You are viewing a plain text version of this content. The canonical link for it is here.
Posted to commits@pulsar.apache.org by mm...@apache.org on 2022/07/29 05:00:39 UTC

[pulsar-client-go] branch master updated: [issue 814] consumer and producer reconnect failure metrics counter (#815)

This is an automated email from the ASF dual-hosted git repository.

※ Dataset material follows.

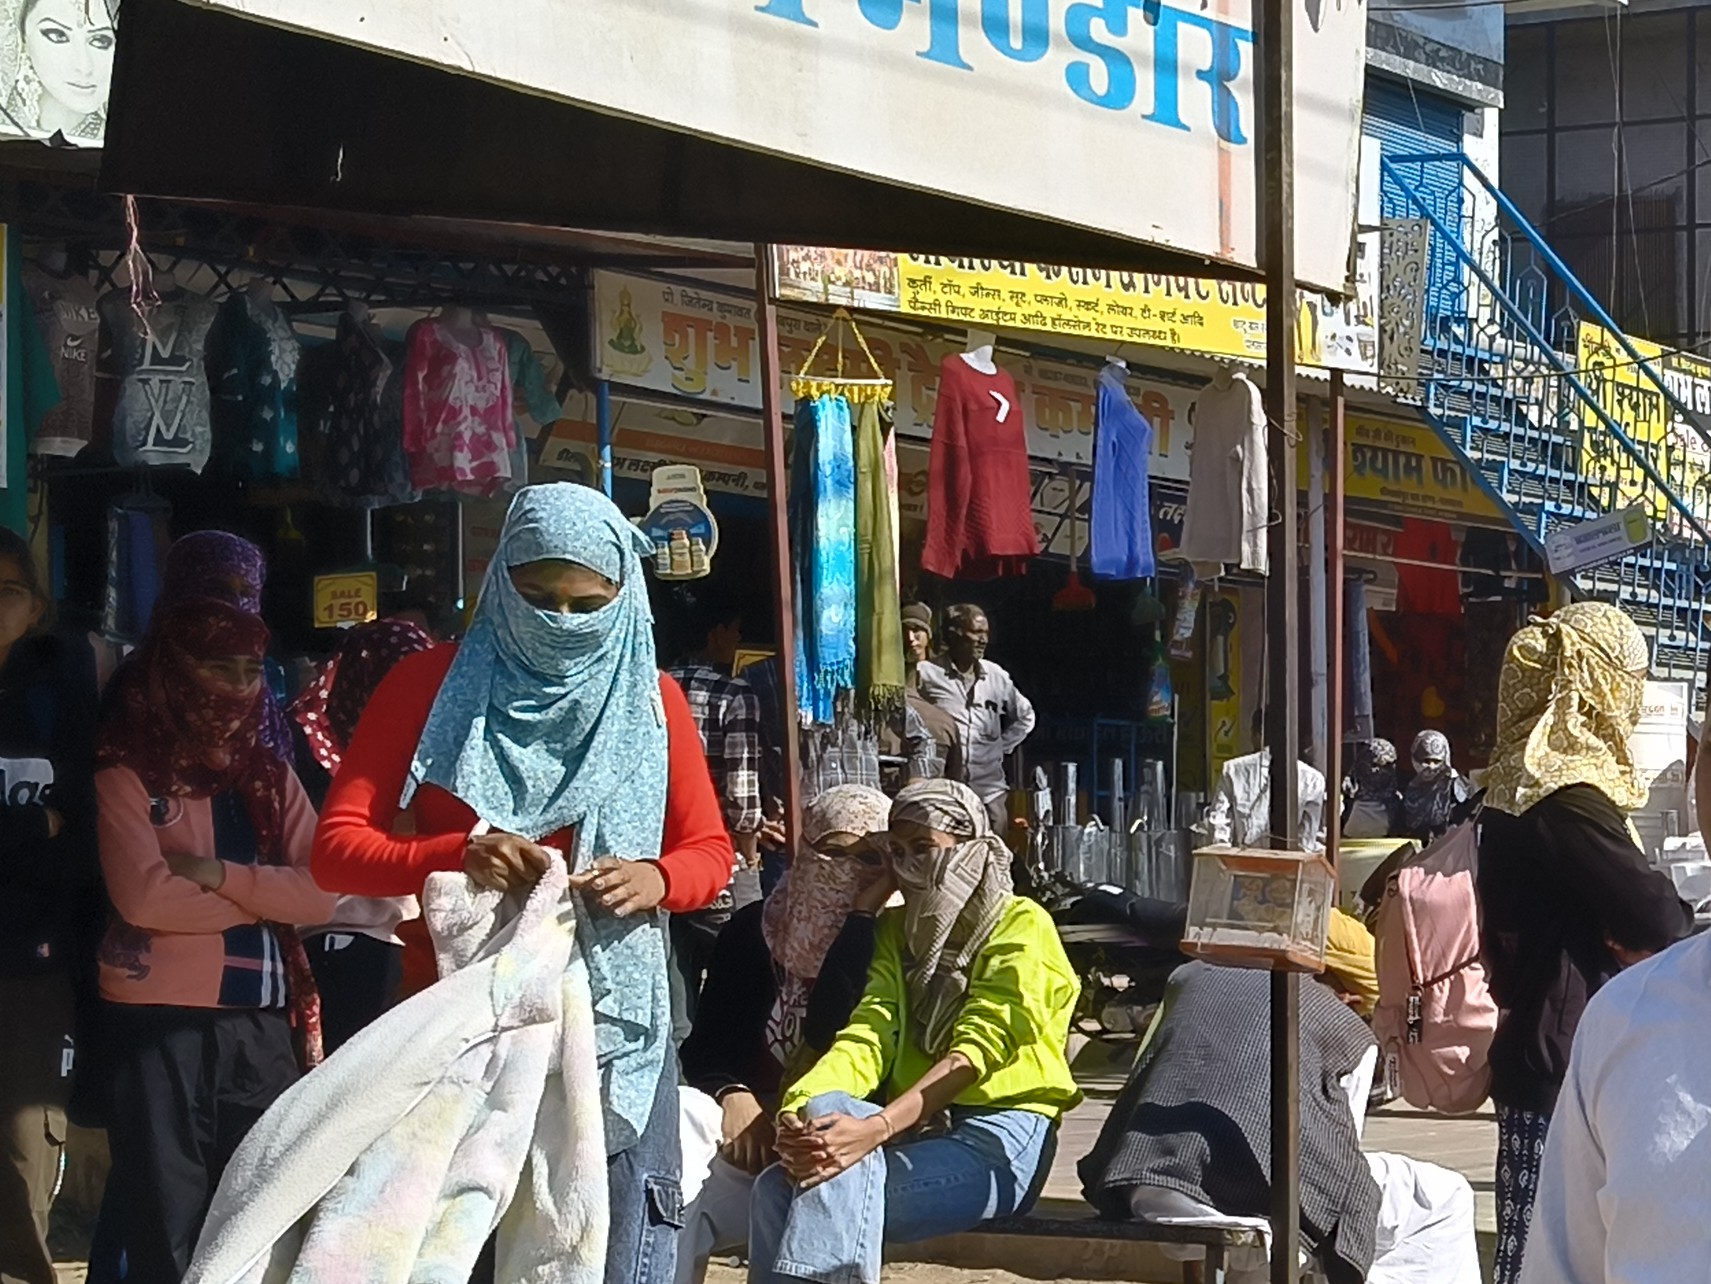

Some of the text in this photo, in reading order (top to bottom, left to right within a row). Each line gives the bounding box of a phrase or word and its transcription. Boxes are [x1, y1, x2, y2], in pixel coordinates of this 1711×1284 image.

mmarshall pushed a commit to branch master
in repository https://gitbox.apache.org/repos/asf/pulsar-client-go.git


The following commit(s) were added to refs/heads/master by this push:
     new bd19458  [issue 814] consumer and producer reconnect failure metrics counter (#815)
bd19458 is described below

commit bd19458b32ff89206c135cc647336e690e99c32f
Author: ming <it...@gmail.com>
AuthorDate: Fri Jul 29 01:00:33 2022 -0400

    [issue 814] consumer and producer reconnect failure metrics counter (#815)
    
    * consumer and producer reconnect failure metrics counter
    
    * increment on every reconnect failure
    
    * producer consumer reconnect max retry counter
    
    Implement #814
    
    ### Motivation
    In a Pulsar cluster's kubernetes deployment or a deployment with Proxy/LB in the front, we need metrics counter to track the re-connection failure producers and consumers.
    
    When brokers go offline but the proxy/LB is still functioning, TCP connection can still be established but the topic look up failed. pulsar_client_connections_establishment_errors counter is not incremented in this case.  Therefore new counters are required to track such failure cases.
    
    ### Modifications
    
    Two new counter metrics `pulsar_client_producers_reconnect_failure` and `pulsar_client_consumers_reconnect_failure` will be incremented at the producer_partition and consumer_partition retry failure code block.
    
    Two new counter metrics `pulsar_client_producers_reconnect_max_retry` and `pulsar_client_consumers_reconnect_max_retry` will be incremented at the producer_partition and consumer_partition when either the max retry or max back off is reached.
    
    The existing code logic already covers the case when the topic does not exist. The counters will not be pegged if the topic does not exist. It simply exists from the retry loop at once.
    
    ### Verifying this change
    
    This has been verified in the Pulsar cluster deployment with Proxy. We do not have such set up in CI because it's not possible to test with Pulsar standalone mode.
    
    ### Does this pull request potentially affect one of the following parts:
    
    *If `yes` was chosen, please highlight the changes*
    
      - Dependencies (does it add or upgrade a dependency): ( no)
      - The public API: ( no)
      - The schema: (no)
      - The default values of configurations: ( no)
      - The wire protocol: (no)
    
    ### Documentation
    
      - Does this pull request introduce a new feature? (no)
      - If yes, how is the feature documented? (not applicable / docs / GoDocs / not documented)
      - If a feature is not applicable for documentation, explain why?
      - If a feature is not documented yet in this PR, please create a followup issue for adding the documentation
---
 pulsar/consumer_partition.go    |   4 ++
 pulsar/internal/backoff.go      |   5 ++
 pulsar/internal/backoff_test.go |   2 +
 pulsar/internal/metrics.go      | 108 +++++++++++++++++++++++++++++++---------
 pulsar/producer_partition.go    |   4 ++
 5 files changed, 99 insertions(+), 24 deletions(-)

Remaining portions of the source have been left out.